[max_torque]

I have been trying to understand the main differences in running with direct in-port (ie injecting in intake runner of each port) and post intercooler injection in conjunction with a vehicles std EMS.

I have made 1 major assumption, that at the point of ignition all the water has been vapourised due to the high temp and pressure in-cylinder for both injection positions(is this valid??)

If the air mass flow, AFR, and WFR, turbo / IC efficiency & effectiveness are the same for each method, then the charge temperature at the point of ignition will be similar? (need to further understand the heat transfer to combustion charge along the length of the intake system / chamber, ie does in port injection actually cool the head metal temps etc?)

However, for the post IC injection, the engines' management system will be able to "detect" the presence of water via the reduction in plenum air intake temperature, so adding fuel and advancing ignition timing. This will take advantage of the cooler charge, and combined with a higher manifold Vol eff due to the denser plenum charge produce more torque.

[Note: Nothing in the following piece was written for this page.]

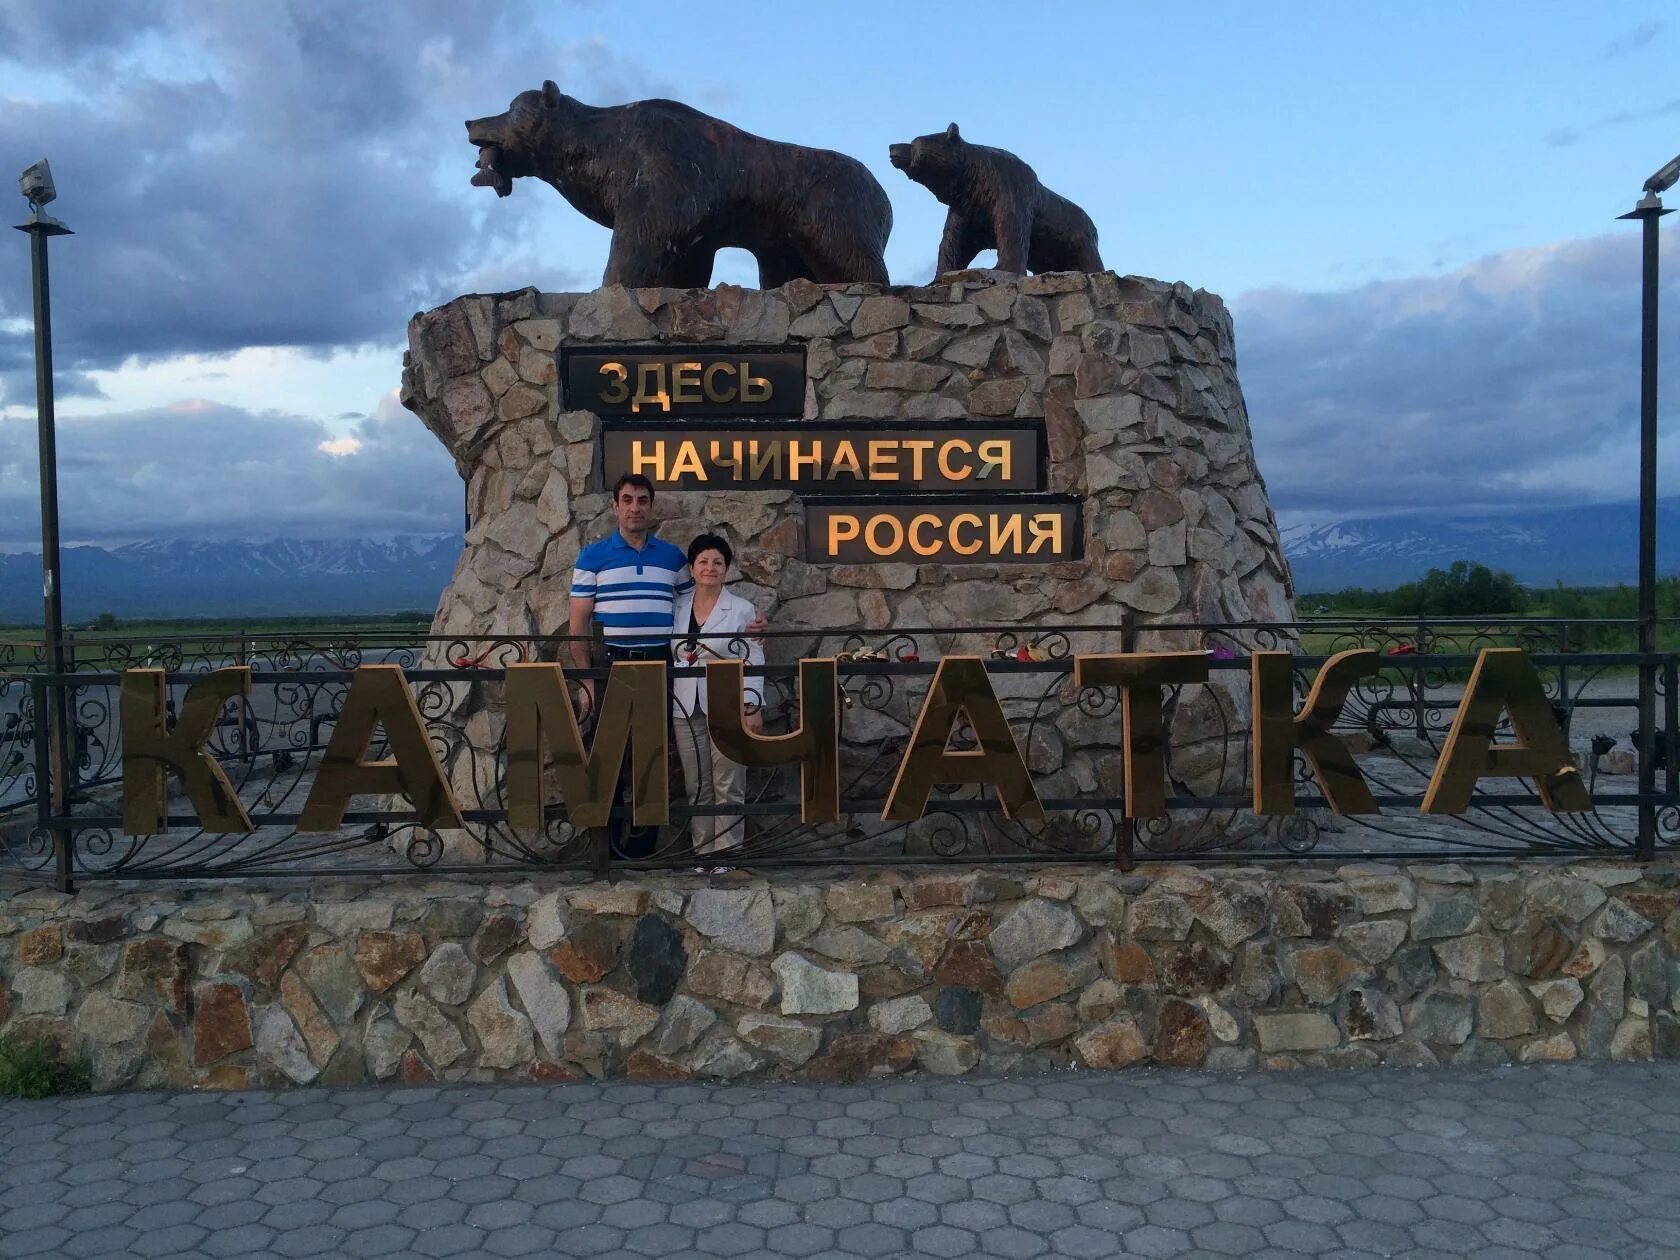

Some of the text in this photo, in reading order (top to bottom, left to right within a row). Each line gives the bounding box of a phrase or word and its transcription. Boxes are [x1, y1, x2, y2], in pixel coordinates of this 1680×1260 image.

With direct to port injection, the EMS cannot sense this, so there is unlikely to be any power gain on a std EMS system, unless fitted with 2 things.
1) active and aggressive knock control (ie can advance spark agressively till knock is sensed (typically this is now adaptive (ie Bosch ME*.* etc), and may take some time to learn the new knock threshold)
2) EGT sensing, Again some applications of Bosch / siemens ems run with pre turbine EGT sensors to control component protection overfuelling.

Does this explain why people typically see a greater benifit from post IC water injection on road cars without specifically mapped EMS?